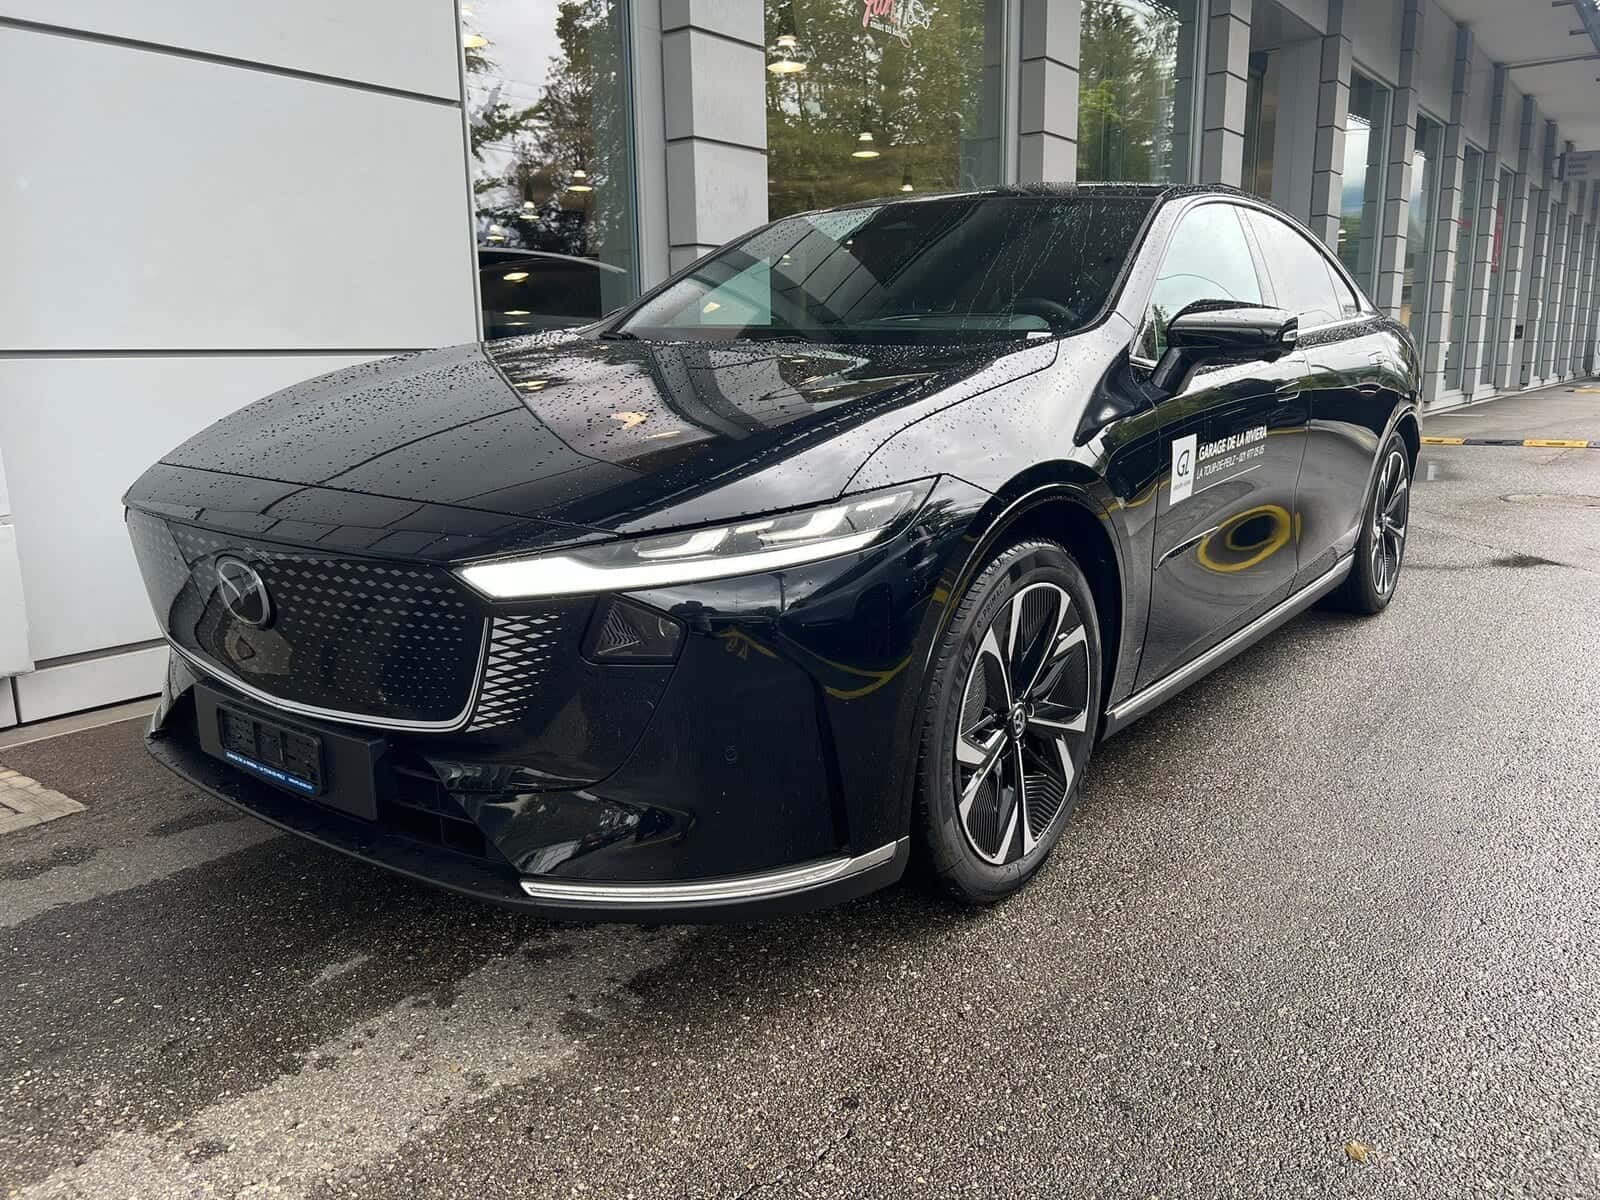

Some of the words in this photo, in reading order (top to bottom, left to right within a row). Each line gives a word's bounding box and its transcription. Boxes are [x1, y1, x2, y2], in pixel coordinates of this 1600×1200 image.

[1199, 438, 1226, 460] GARAGE
[1227, 435, 1236, 450] DE
[1236, 432, 1245, 447] LA
[1245, 424, 1267, 443] RIVIERA
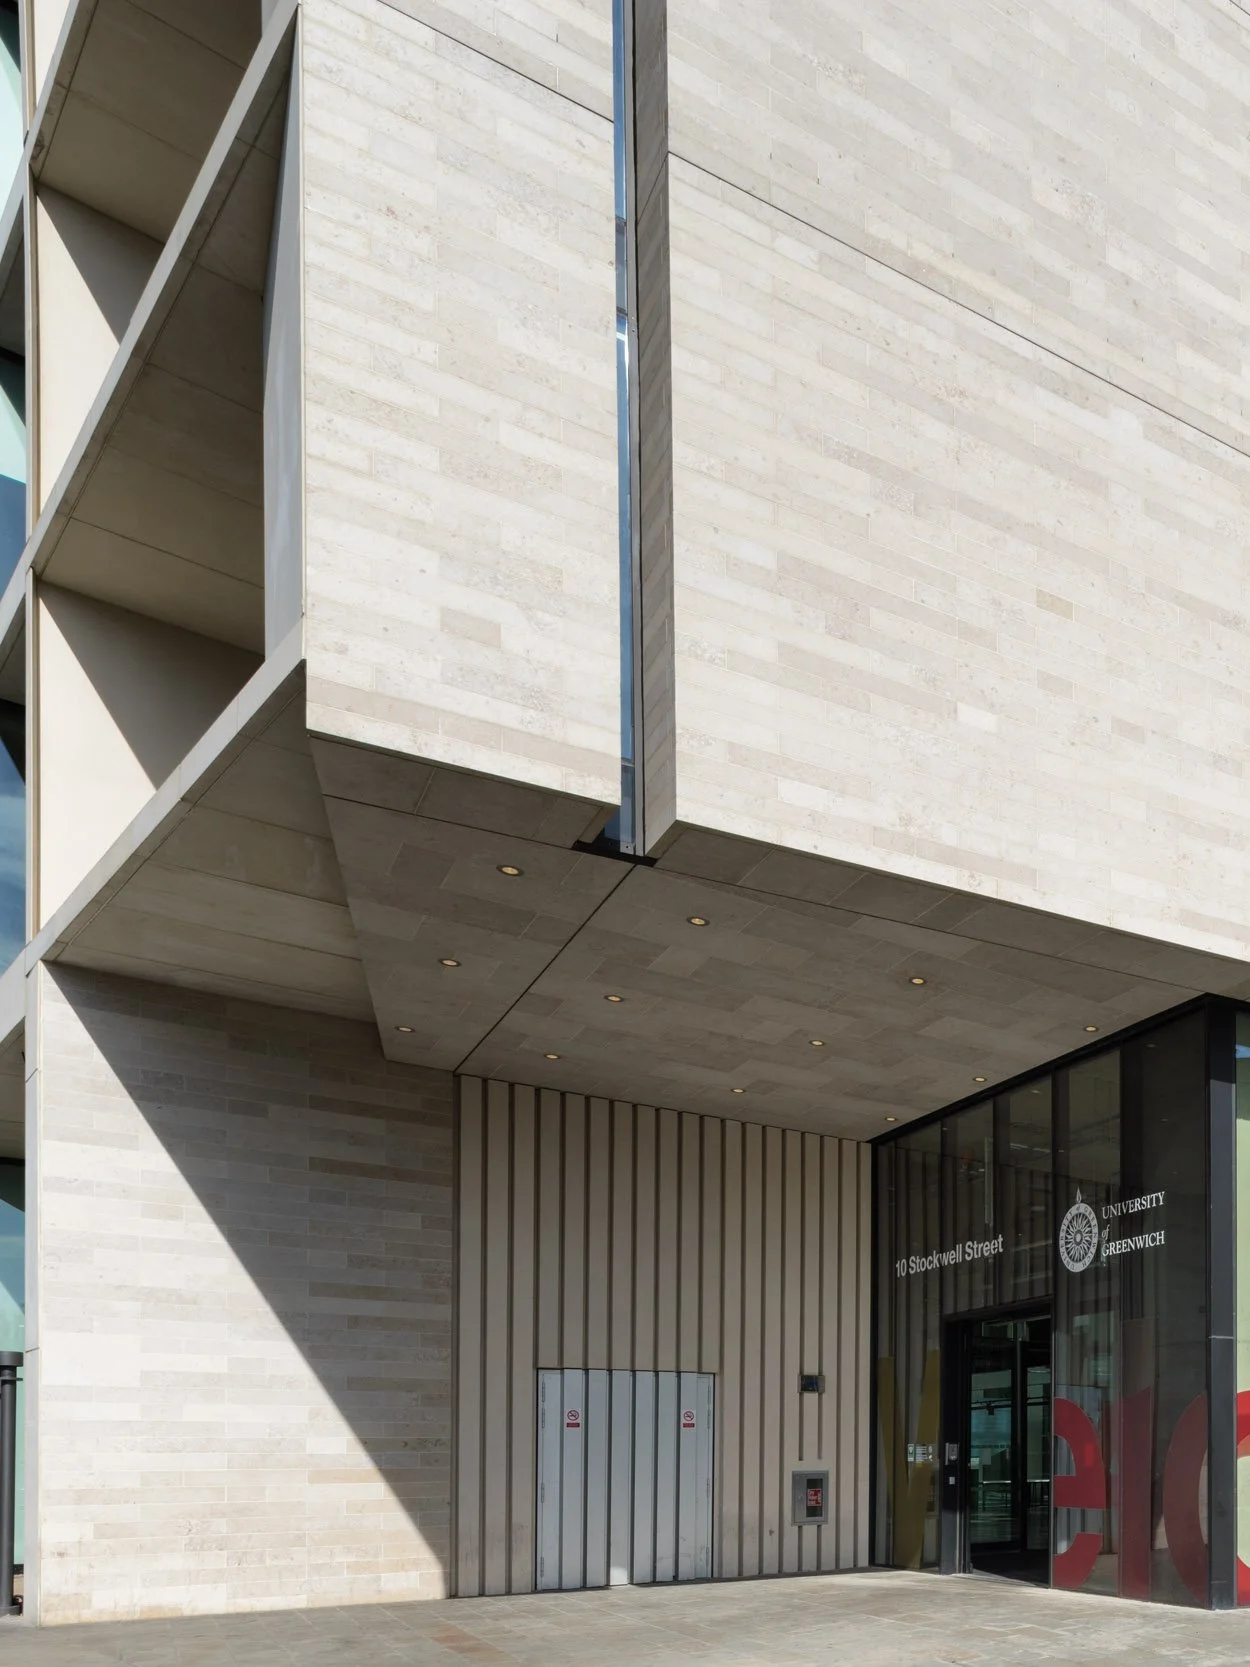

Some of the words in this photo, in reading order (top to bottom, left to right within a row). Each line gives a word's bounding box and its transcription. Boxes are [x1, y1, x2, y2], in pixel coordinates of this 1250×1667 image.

[1102, 1191, 1165, 1219] UNIVERSITY
[1102, 1224, 1110, 1240] of
[1102, 1231, 1165, 1256] GREENWICH
[896, 1258, 907, 1278] 10
[909, 1243, 963, 1274] Stockwell
[965, 1234, 1003, 1261] Street

====================

[To do]
Write out, word for word, all lines from the line that holds "this 1250×1667 image." through the last line of the listing, with both end lines kept.

[Response to this task]
Some of the words in this photo, in reading order (top to bottom, left to right within a row). Each line gives a word's bounding box and its transcription. Boxes are [x1, y1, x2, y2], in pixel coordinates of this 1250×1667 image.

[1102, 1191, 1165, 1219] UNIVERSITY
[1102, 1224, 1110, 1240] of
[1102, 1231, 1165, 1256] GREENWICH
[896, 1258, 907, 1278] 10
[909, 1243, 963, 1274] Stockwell
[965, 1234, 1003, 1261] Street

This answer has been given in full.